Summary#
This joint resolution would use the Congressional Review Act to reject an Environmental Protection Agency (EPA) rule titled “Waste Emissions Charge for Petroleum and Natural Gas Systems: Procedures for Facilitating Compliance, Including Netting and Exemptions.” The resolution says the EPA rule (89 Fed. Reg. 91094; Nov. 18, 2024) would have no force or effect if Congress disapproved it. The sponsors are senators listed on the resolution; the Senate later indefinitely postponed the measure by unanimous consent.
- Main change: cancels the specified EPA rule and declares it has no force or effect.
- Procedure used: it invokes chapter 8 of title 5, United States Code (the Congressional Review Act), the law that lets Congress disapprove recent federal rules.
- Targeted rule: the EPA rule concerns a waste emissions charge for petroleum and natural gas systems and rules for compliance, netting, and exemptions.
- Current status: introduced in the Senate and later indefinitely postponed by unanimous consent.
What it means for you#
- Oil and gas companies / petroleum and natural gas operators: If the resolution were enacted, the EPA rule that would impose and detail a waste emissions charge and related compliance procedures would not take effect. This could mean they would not have to follow the specific charge, netting rules, or exemptions laid out in that EPA rule.
- Environmental regulators (EPA): The EPA would be blocked from implementing the specific rule named in the resolution. Under the Congressional Review Act process, it may also face limits on issuing a substantially similar rule without new congressional authorization (see "What is unclear" below).
- Communities and the public concerned about emissions: If the disapproval stays in effect, the particular federal fee and compliance procedures in this rule would not apply. What replaces them (if anything) would depend on future EPA actions or legislation.
- Congress and courts: The resolution is a formal congressional rejection of a federal rule; if enacted, it could lead to legal or policy follow-up about how to address the regulatory gap.
What is unclear: The resolution does not say what would replace the EPA rule or how EPA would proceed on similar policy goals. It also does not include any timing for implementation beyond declaring the rule void.
Expenses#
No publicly available information.
- The resolution text and provided materials do not include a fiscal estimate, cost analysis, or statements about budget impacts.
- Possible effects that are not estimated here include administrative costs for EPA if it must revise or withdraw rulemaking, economic effects on energy companies if the charge would have applied, and downstream effects on consumers or state budgets — but none of these are quantified in the supplied material.
Proponents' View#
The supplied material does not include public statements from supporters. Based on the resolution’s action, a possible stated purpose is identifiable:
- The bill appears intended to stop the EPA rule from taking effect.
- Supporters may argue that disapproving the rule would prevent a new fee or charge on petroleum and natural gas systems and avoid the compliance obligations the rule would create.
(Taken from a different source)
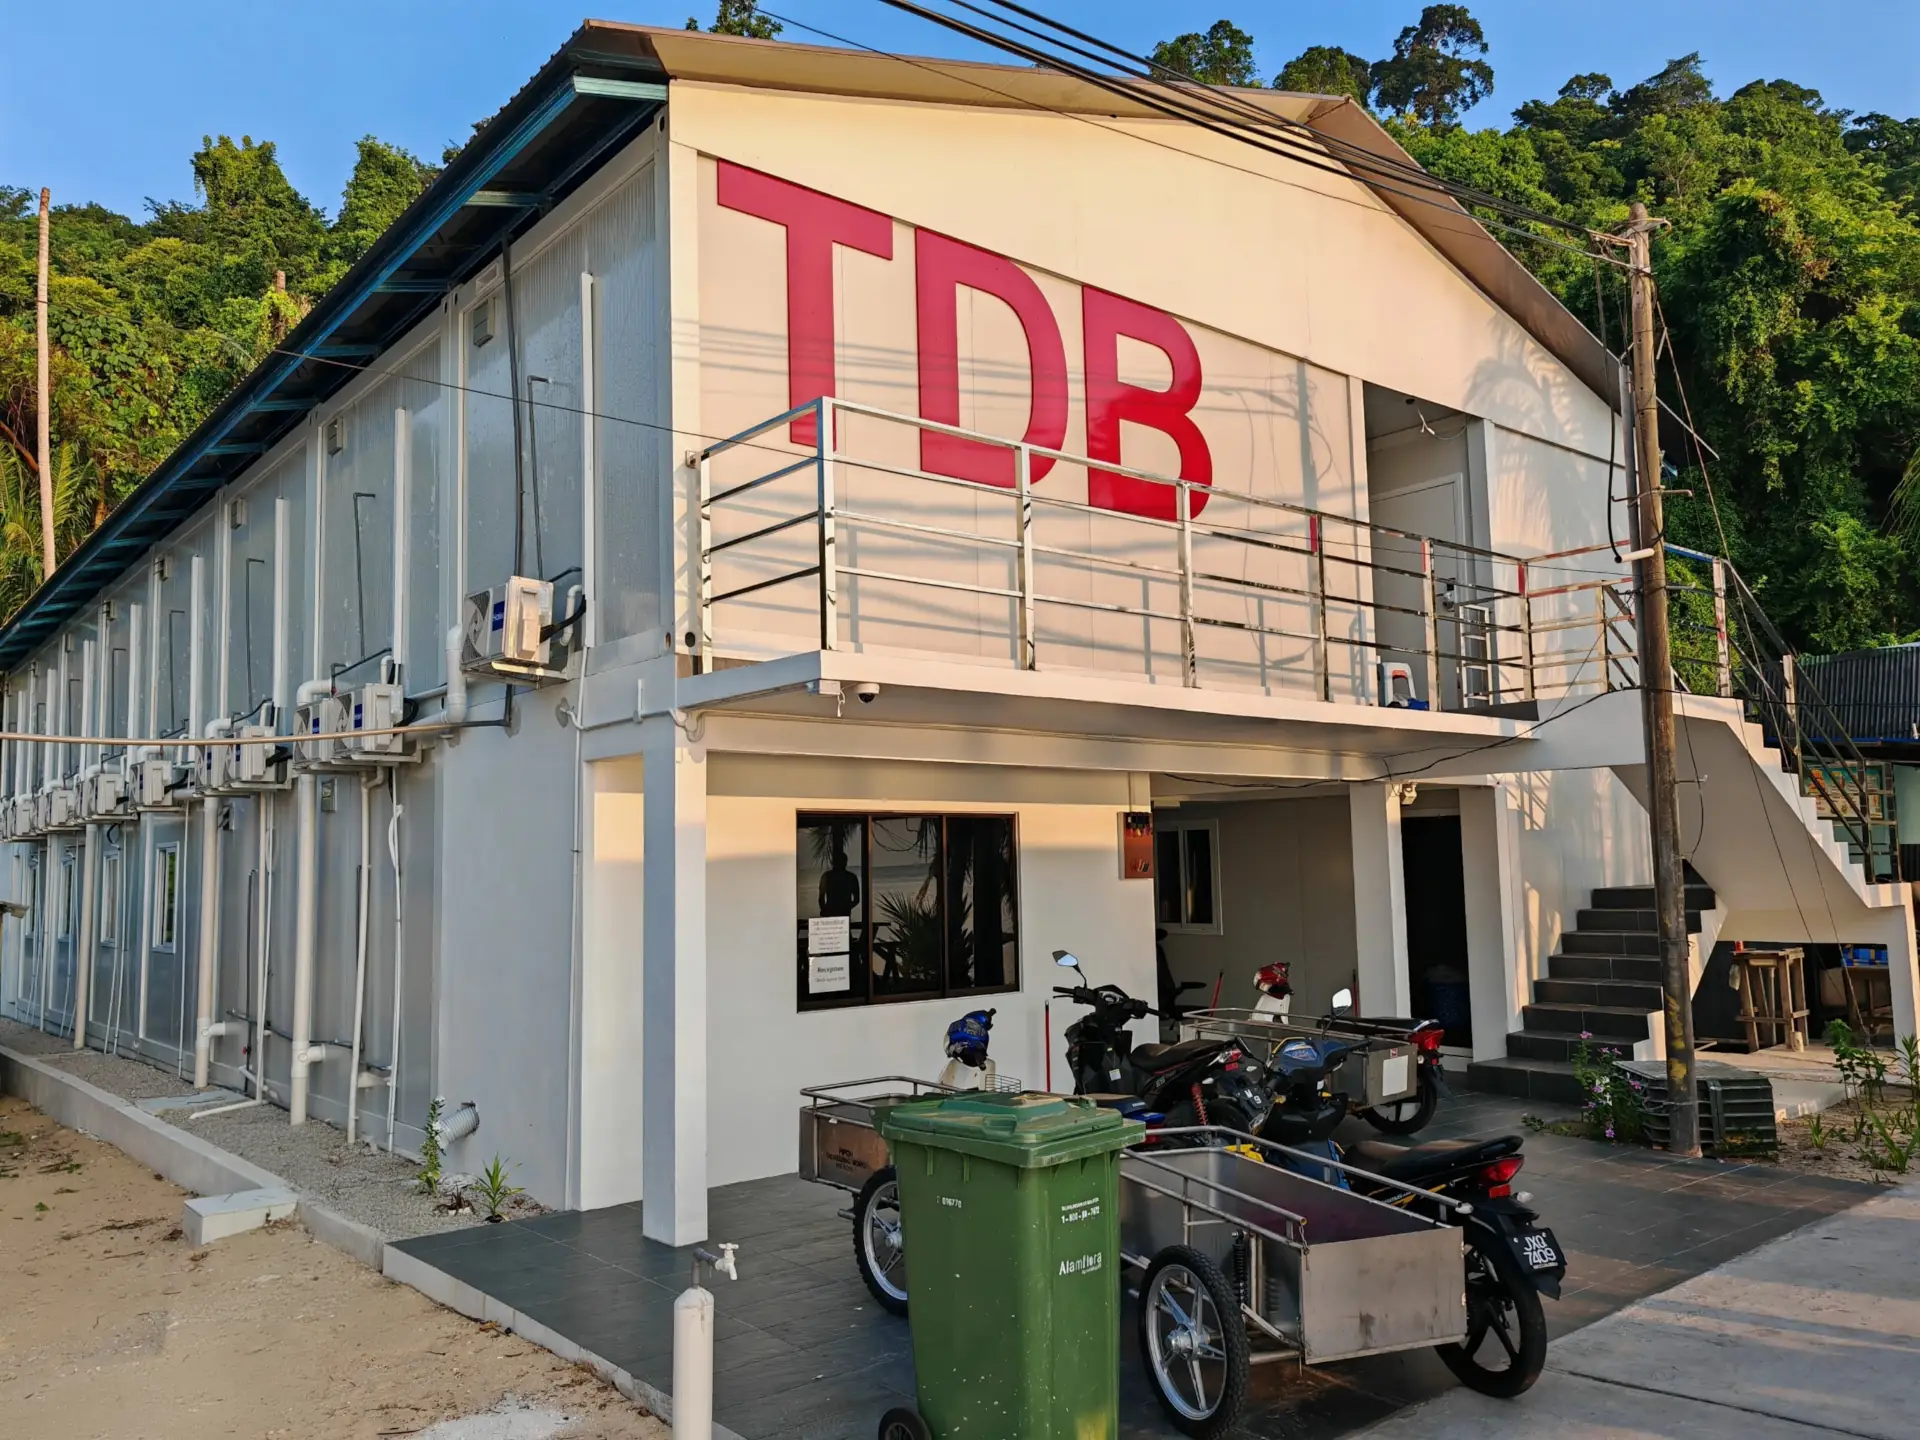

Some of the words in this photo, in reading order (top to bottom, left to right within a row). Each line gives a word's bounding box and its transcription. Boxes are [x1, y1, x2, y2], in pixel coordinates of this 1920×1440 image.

[716, 158, 1214, 523] TDB
[1523, 1235, 1548, 1251] JXQ
[1523, 1247, 1557, 1266] 7409
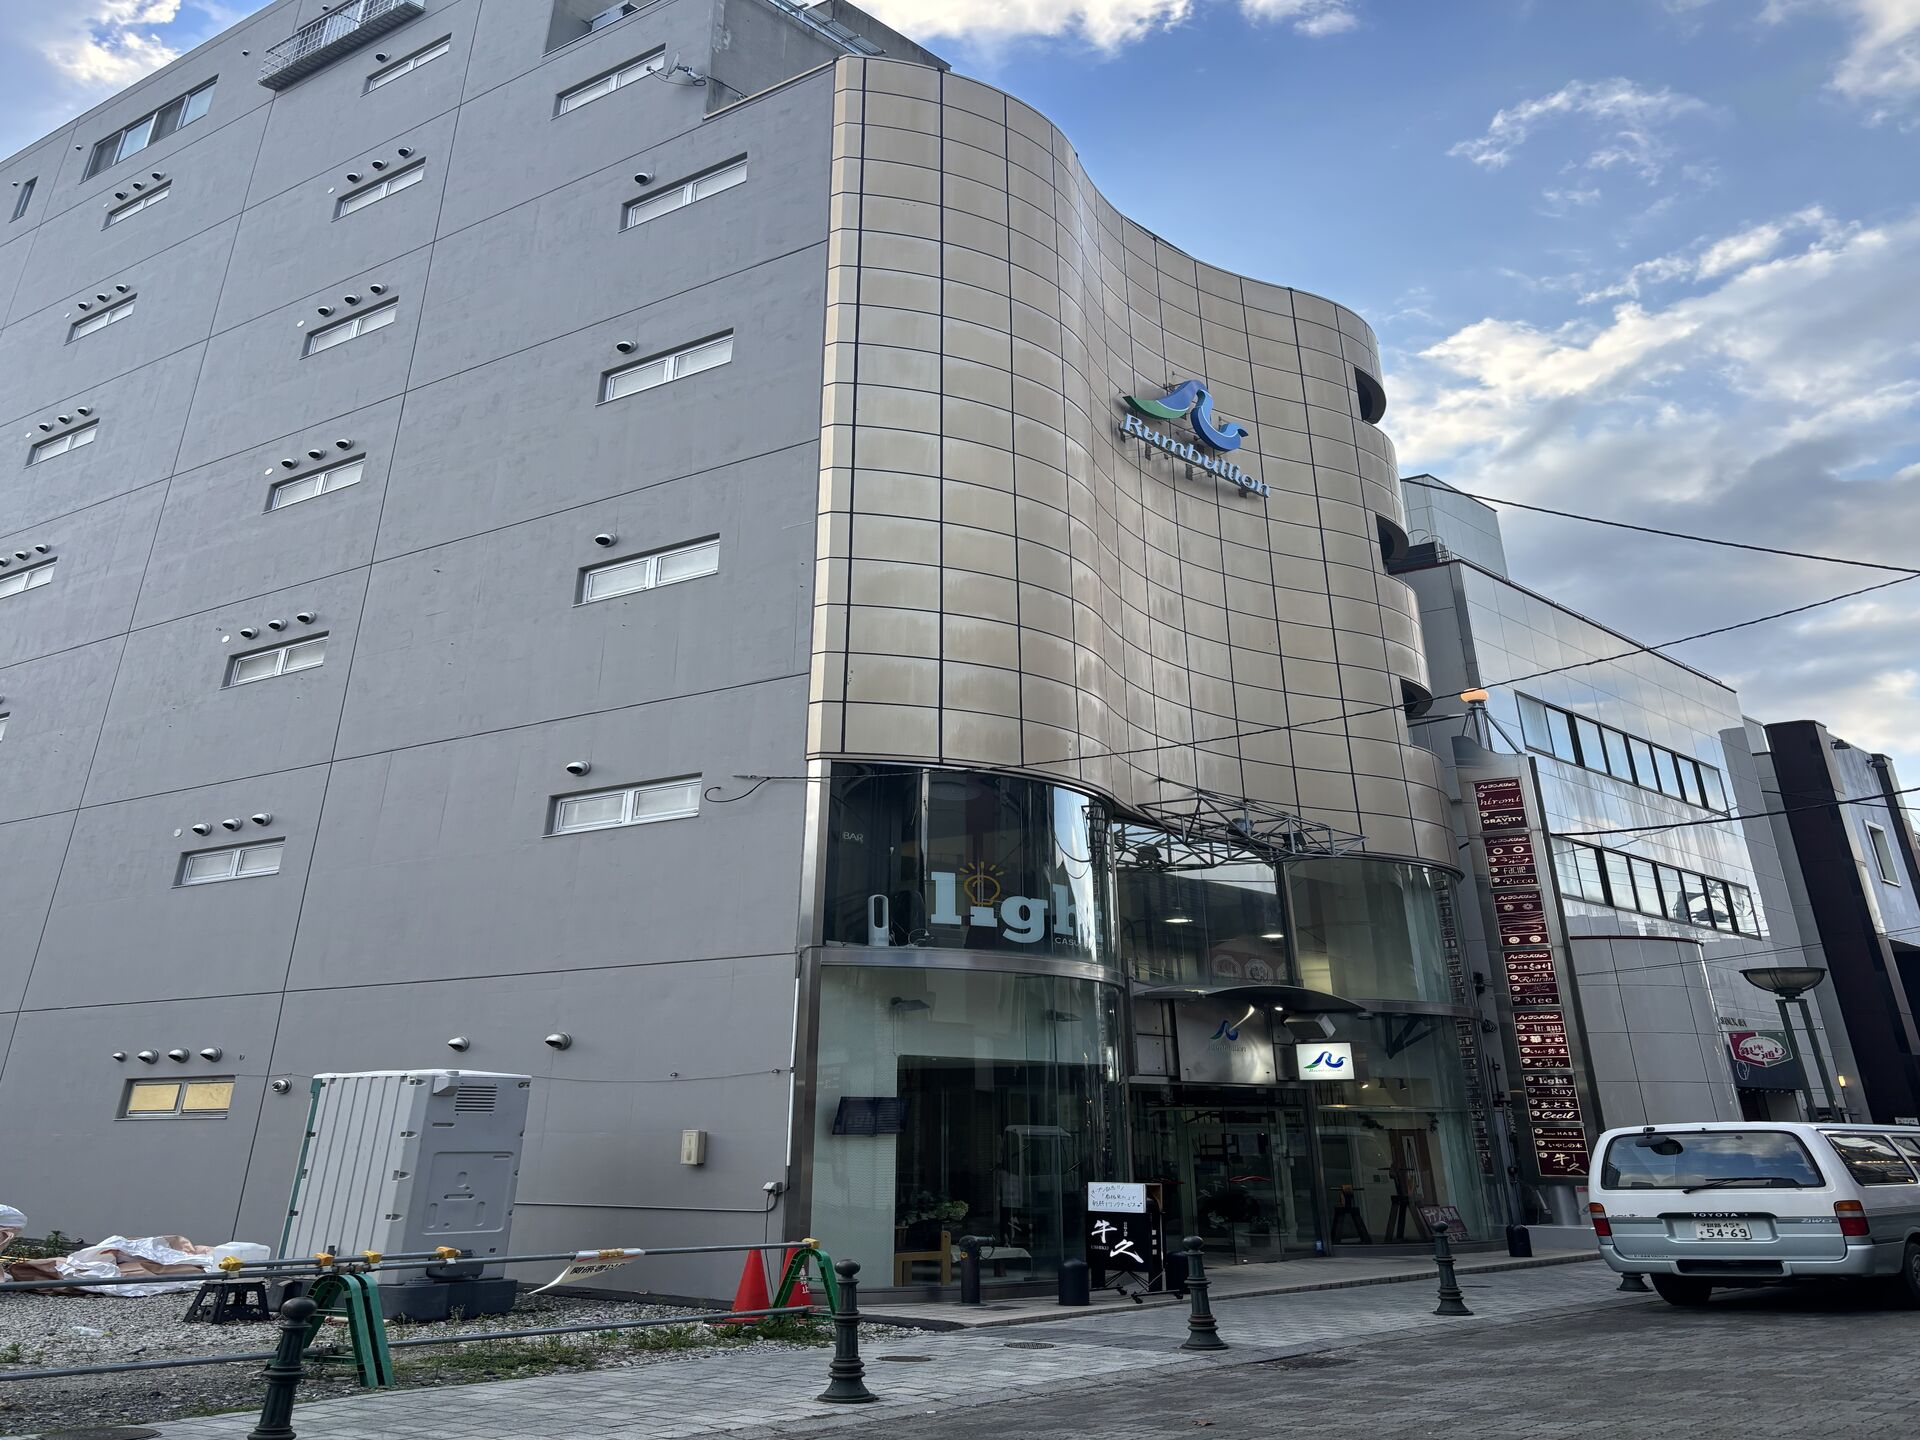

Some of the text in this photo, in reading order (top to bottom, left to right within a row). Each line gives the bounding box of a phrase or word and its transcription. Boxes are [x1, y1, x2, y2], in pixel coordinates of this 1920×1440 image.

- Supporters may also see this as protecting producers from new federal costs or preserving existing industry practices by preventing the rule’s netting and exemption procedures from applying.
Opponents' View#
The supplied material does not include formal criticisms. Based on what the resolution would do, reasonable concerns or trade-offs include:
- One concern is that disapproval would prevent the EPA rule’s emissions charge and related compliance procedures from taking effect, leaving a gap in the specific federal approach to charging for waste emissions from petroleum and natural gas systems.
- It is unclear how EPA would pursue similar policy goals after disapproval; the Congressional Review Act generally limits reissuing a substantially similar rule without new congressional authorization, which could make future rulemaking more difficult.
- The resolution does not address what, if anything, would replace the rule’s provisions, creating uncertainty for regulated companies, regulators, and communities about near-term policy and enforcement.
- There is no cost estimate supplied, so the fiscal trade-offs (lost revenue from a charge, administrative savings, legal costs, or impacts on emissions) are not specified.